ACTIVITY -
Would you return the data exactly as given, except for its pictures?

THE DATA -
-------------------------
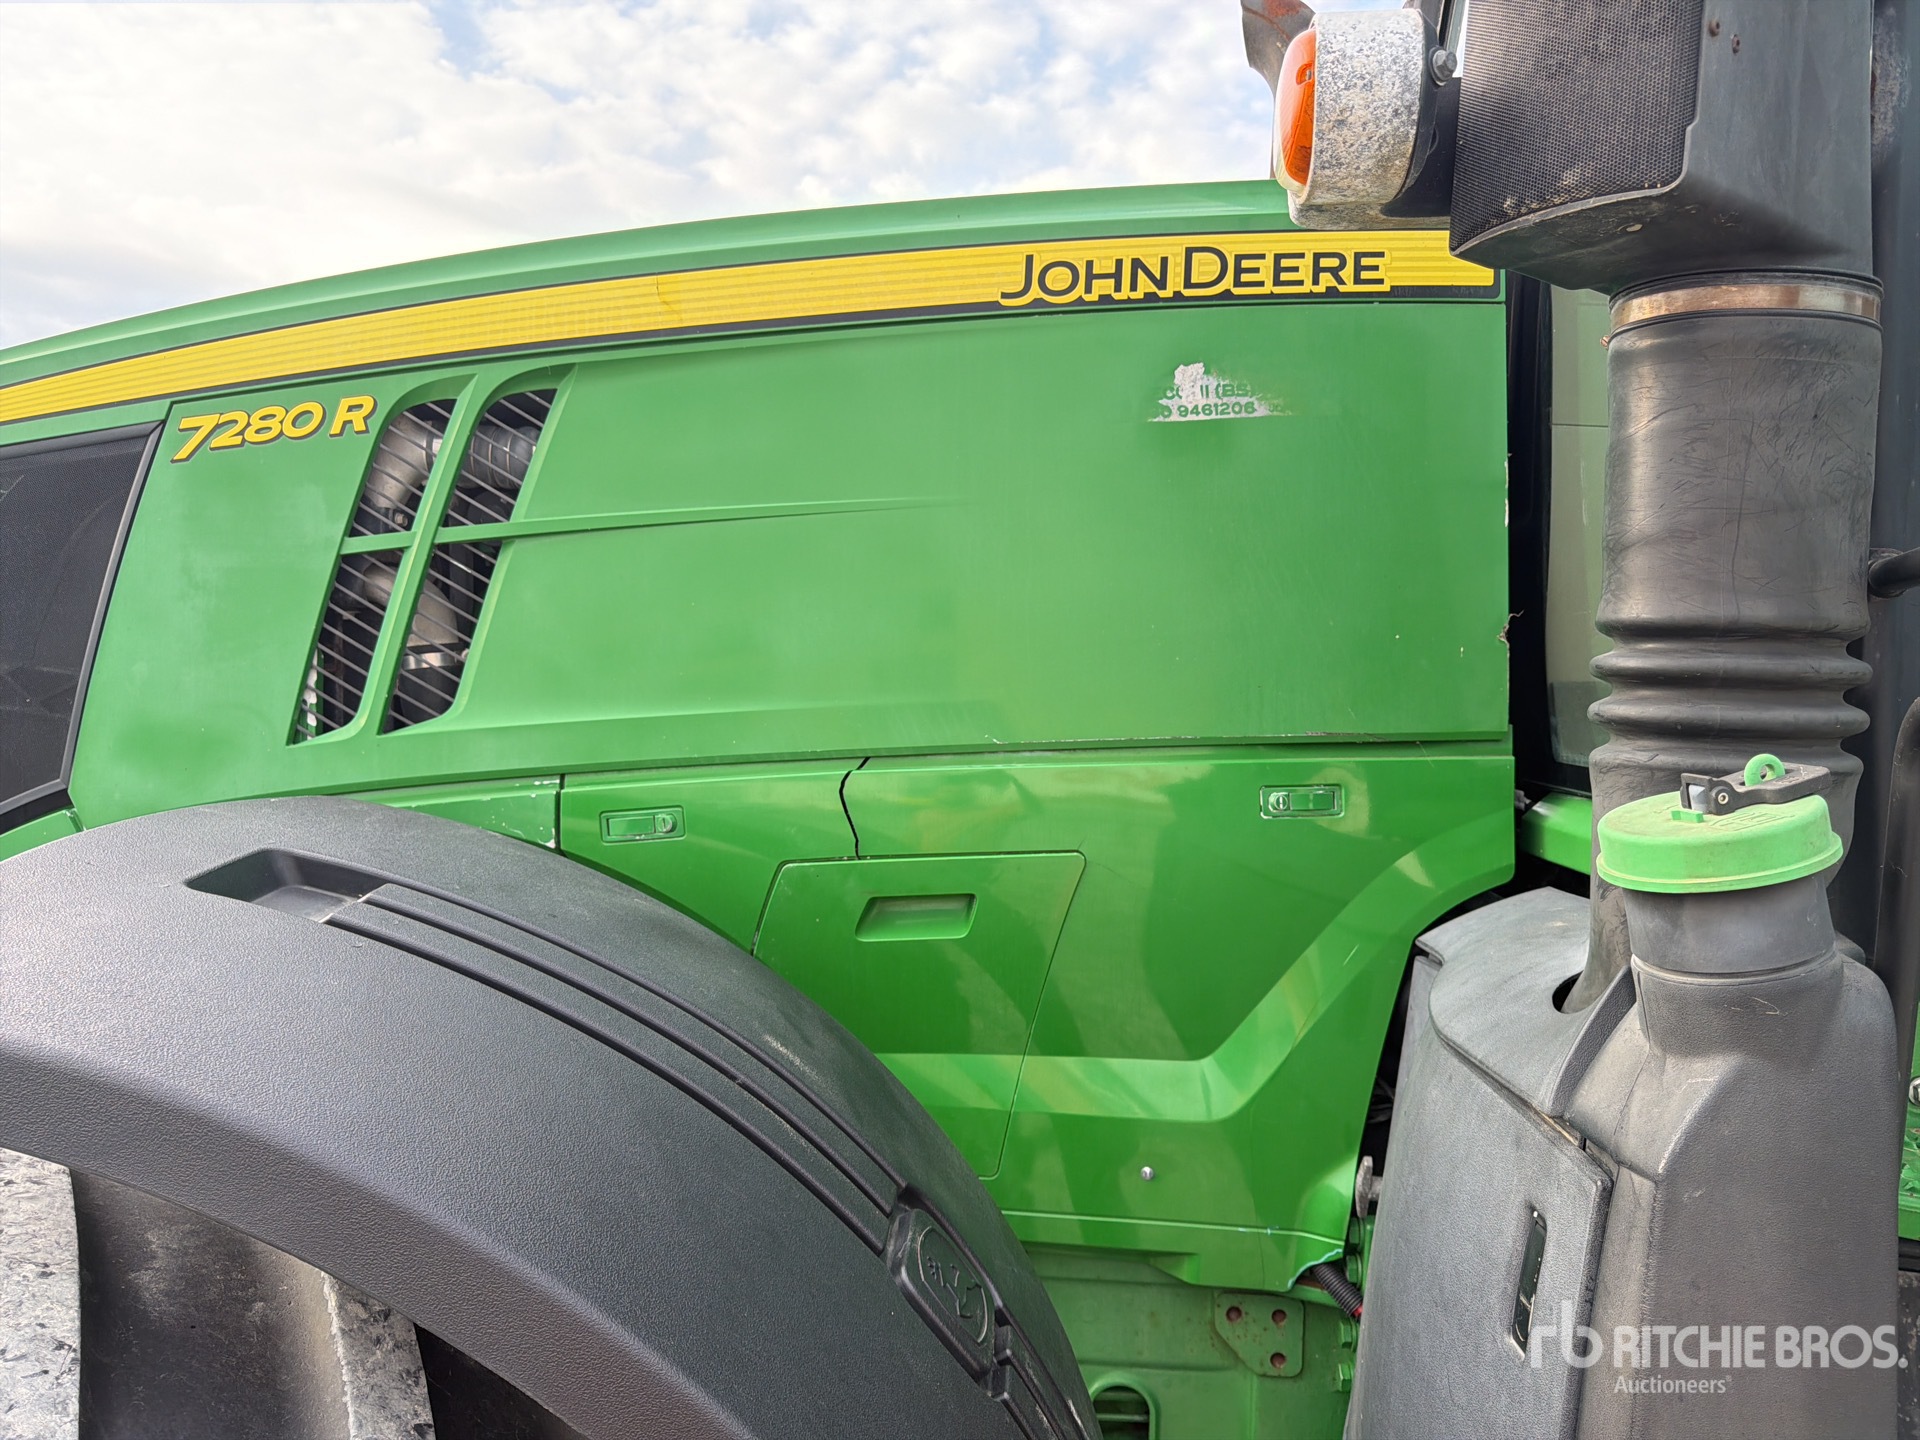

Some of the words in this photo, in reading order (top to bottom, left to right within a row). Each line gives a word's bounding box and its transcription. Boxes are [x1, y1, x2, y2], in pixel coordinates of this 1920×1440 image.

[1000, 253, 1169, 301] JOHN
[1184, 247, 1386, 292] DEERE
[171, 401, 325, 463] 7280
[329, 395, 377, 438] R
-------------------------
YOUR SOLUTION -
Some of the words in this photo, in reading order (top to bottom, left to right within a row). Each line gives a word's bounding box and its transcription. Boxes are [x1, y1, x2, y2], in pixel coordinates of this 1920×1440 image.

[1000, 253, 1169, 301] JOHN
[1184, 247, 1386, 292] DEERE
[171, 401, 325, 463] 7280
[329, 395, 377, 438] R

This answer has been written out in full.